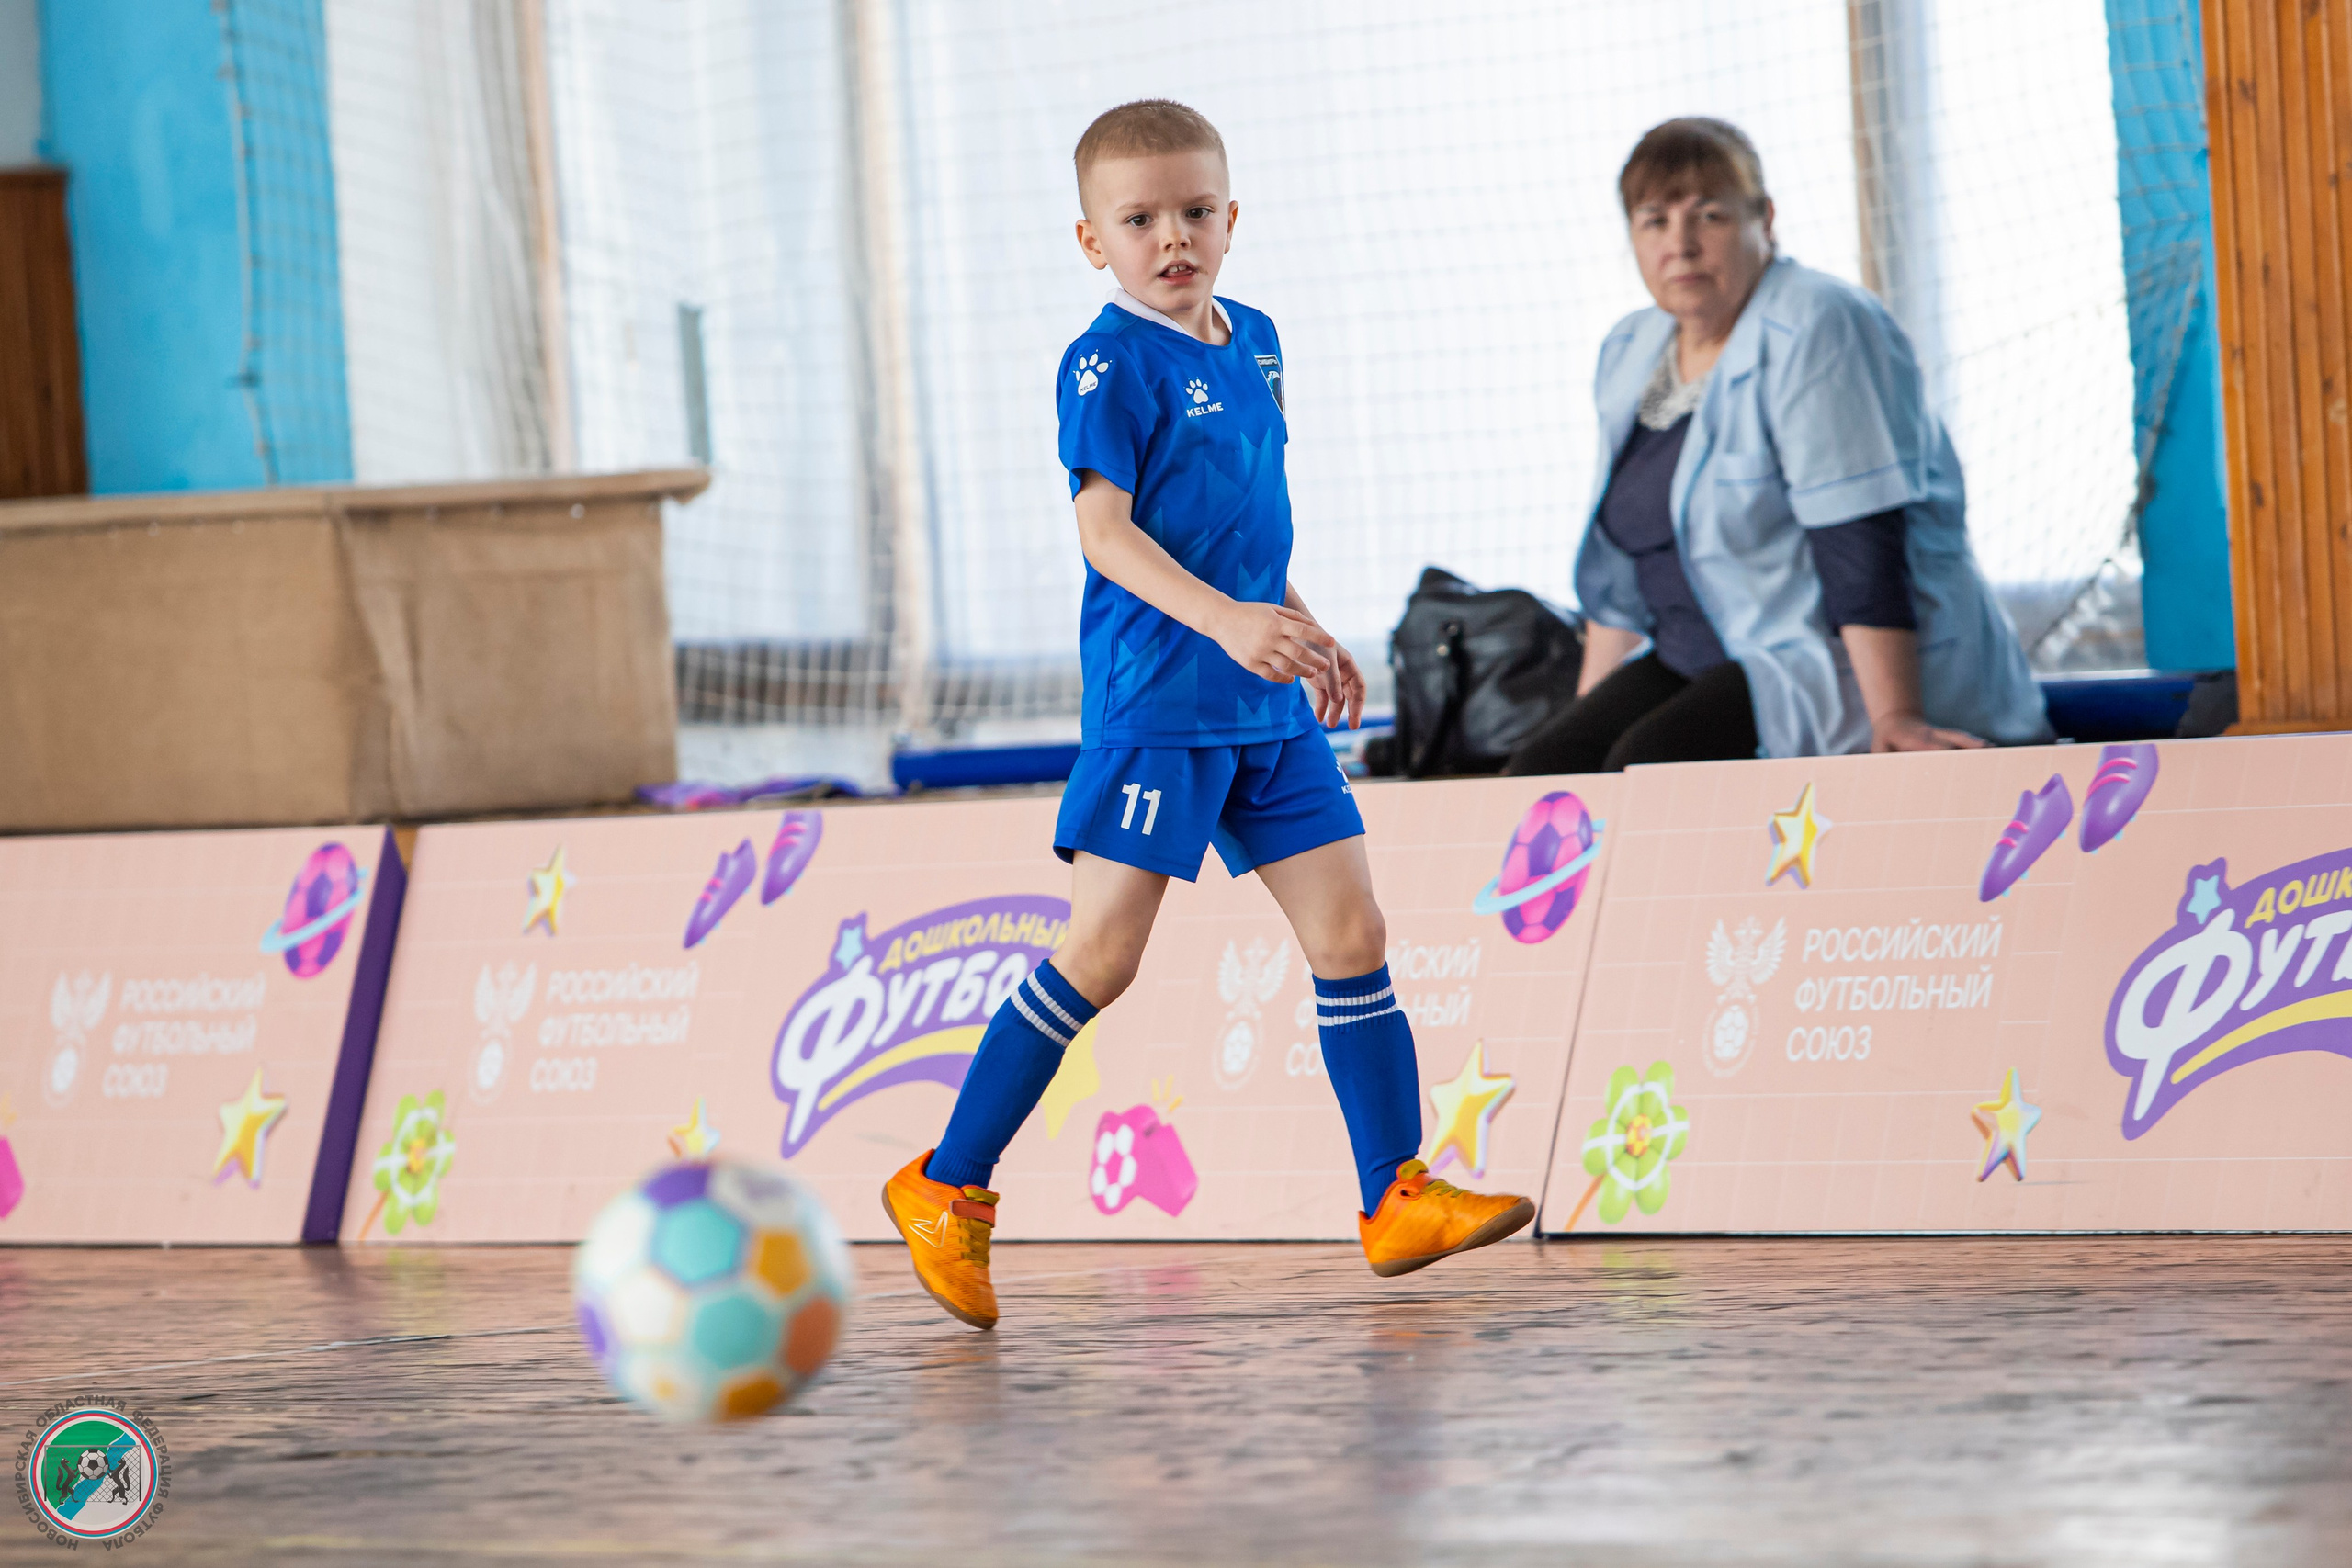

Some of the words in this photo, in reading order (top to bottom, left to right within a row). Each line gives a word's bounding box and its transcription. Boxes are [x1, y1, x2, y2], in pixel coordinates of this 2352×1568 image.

[1186, 402, 1224, 417] KELME
[1121, 783, 1161, 836] 11
[1802, 915, 2003, 962] РОССИЙСКИЙ
[1794, 964, 1995, 1011] ФУТБОЛЬНЫЙ
[777, 949, 1029, 1145] ФУТБО
[1785, 1024, 1872, 1062] СОЮЗ
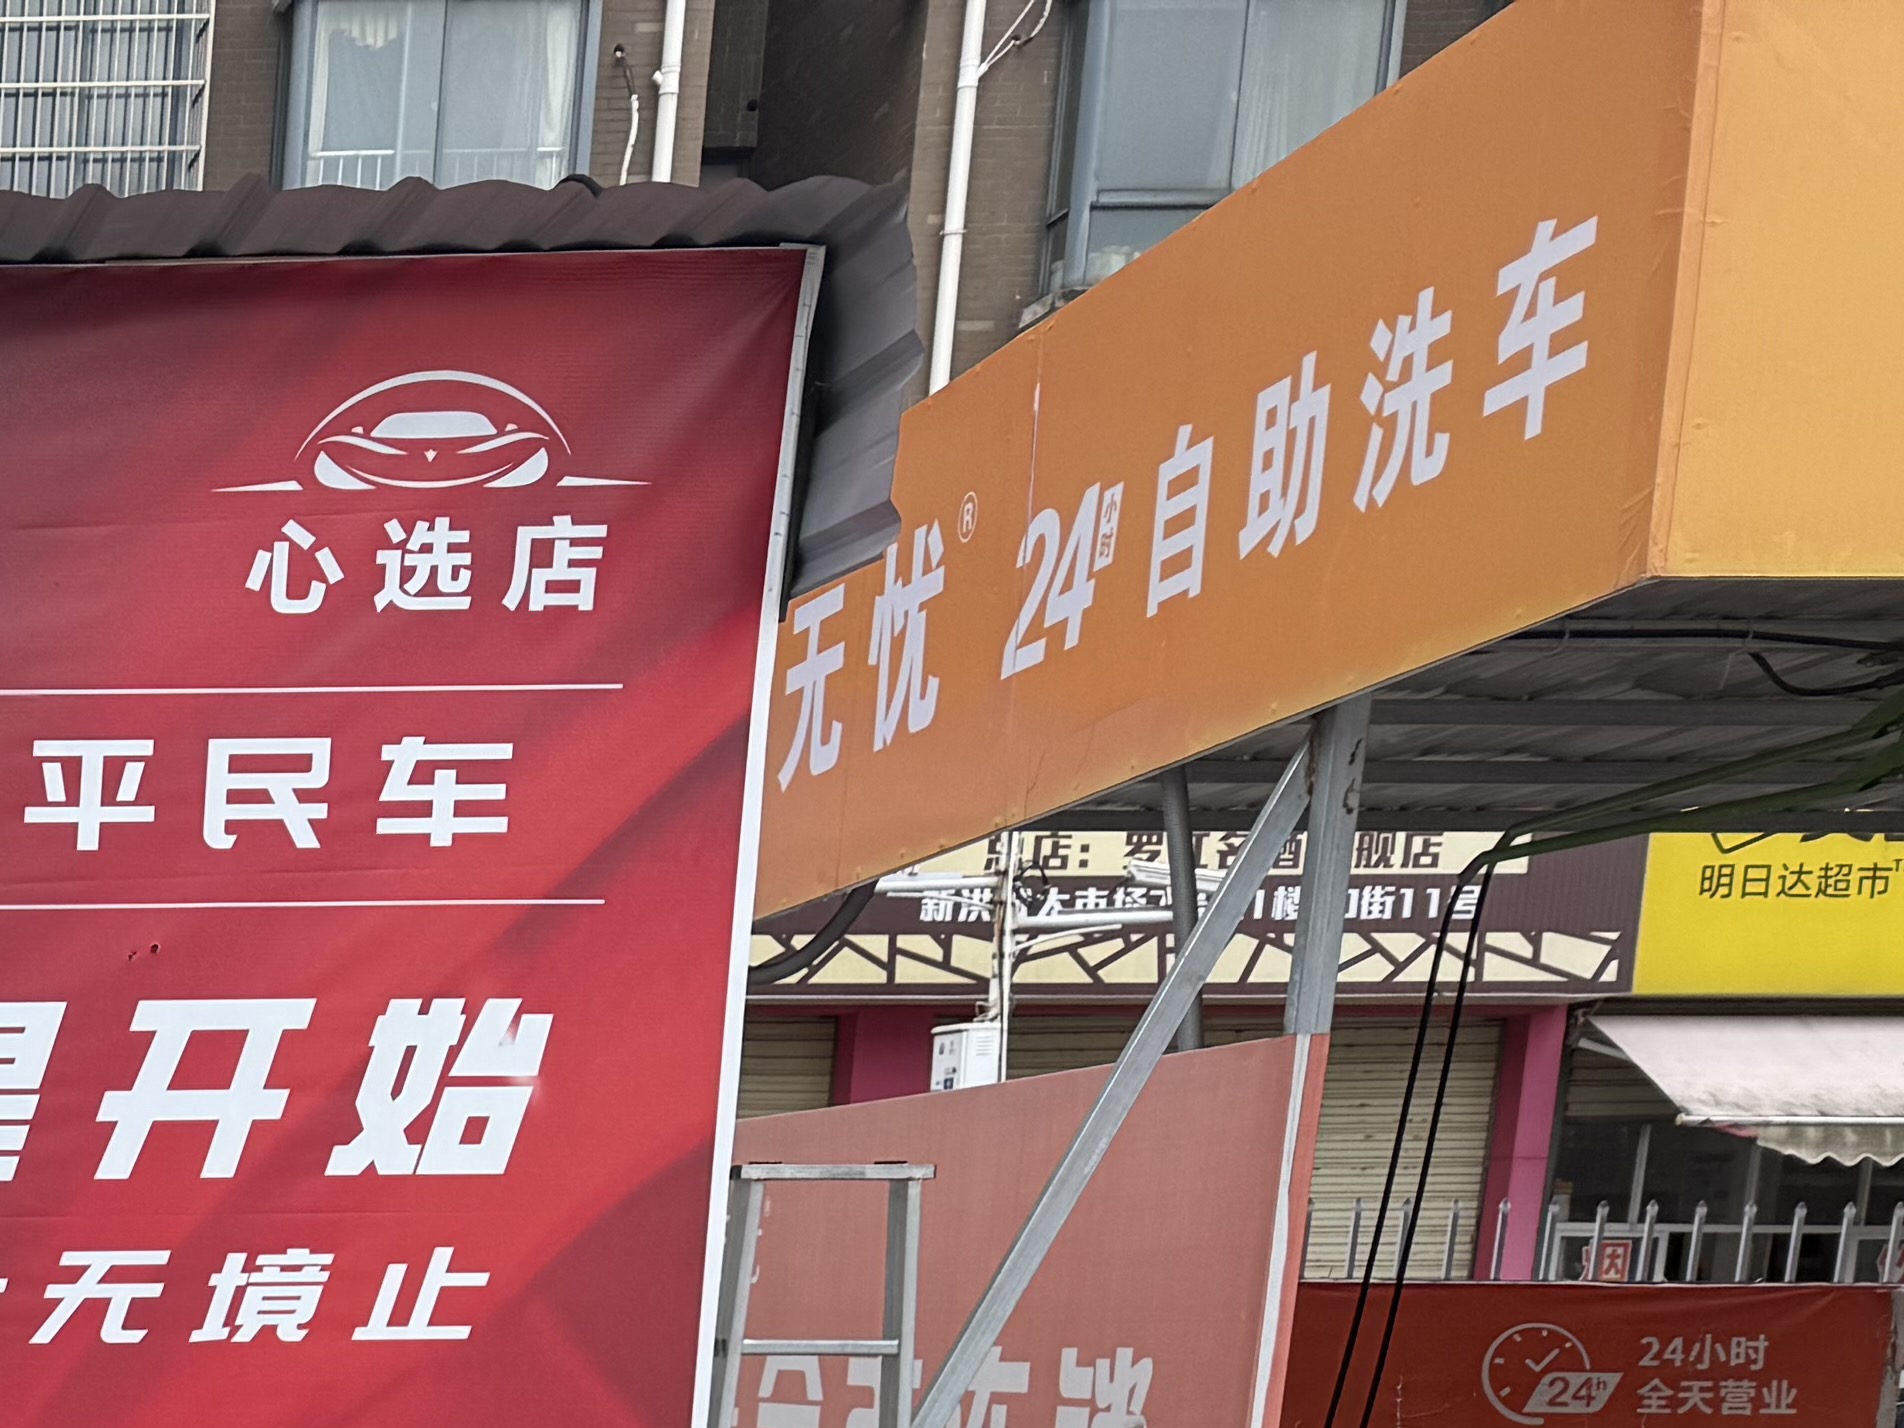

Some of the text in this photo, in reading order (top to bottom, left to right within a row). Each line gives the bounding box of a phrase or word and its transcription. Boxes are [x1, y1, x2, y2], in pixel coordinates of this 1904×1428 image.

[777, 519, 945, 792] 无忧
[1146, 216, 1597, 618] 自助洗车
[244, 515, 609, 615] 心选店
[1699, 862, 1893, 899] 明日达超市
[1638, 1333, 1770, 1372] 24小时
[1636, 1377, 1798, 1416] 全天营业
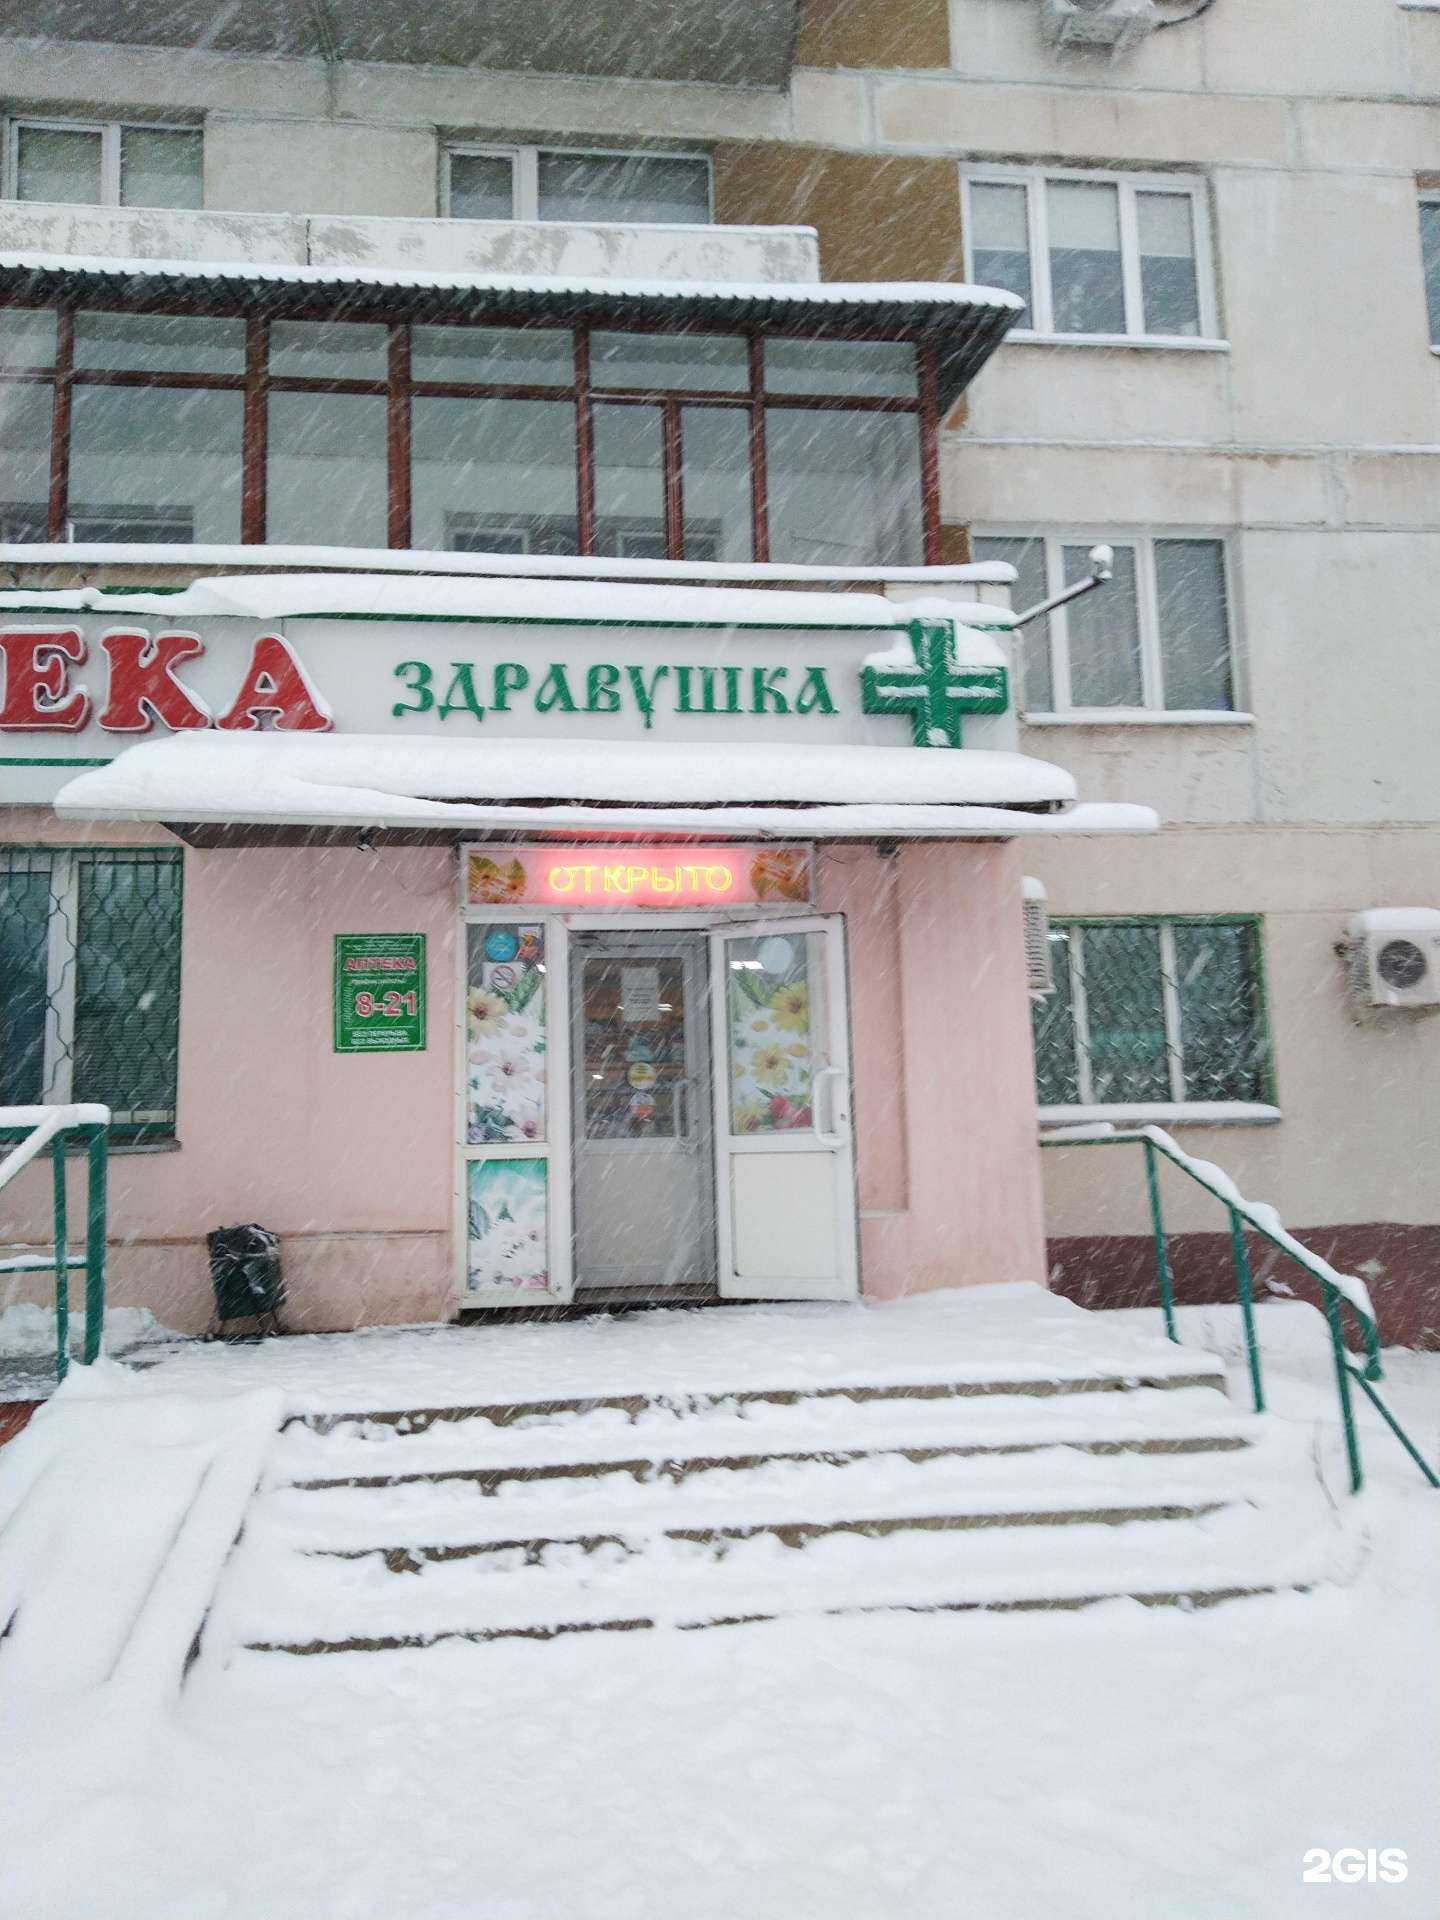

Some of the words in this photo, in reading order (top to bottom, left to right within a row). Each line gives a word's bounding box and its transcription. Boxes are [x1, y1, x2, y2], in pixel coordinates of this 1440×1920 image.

[0, 625, 335, 732] ЕКА
[392, 660, 841, 729] ЗДРАВУШКА
[548, 864, 733, 894] ОТКРЫТО
[355, 991, 417, 1017] 8-21
__________________________________________________
▶ WHAT THE TASK ASKS:
The required output is every line from the one with "this 1440×1920 image." to the final line of the entries, repeated exactly and with nothing else.

▶ TASK OUTPUT:
Some of the words in this photo, in reading order (top to bottom, left to right within a row). Each line gives a word's bounding box and its transcription. Boxes are [x1, y1, x2, y2], in pixel coordinates of this 1440×1920 image.

[0, 625, 335, 732] ЕКА
[392, 660, 841, 729] ЗДРАВУШКА
[548, 864, 733, 894] ОТКРЫТО
[355, 991, 417, 1017] 8-21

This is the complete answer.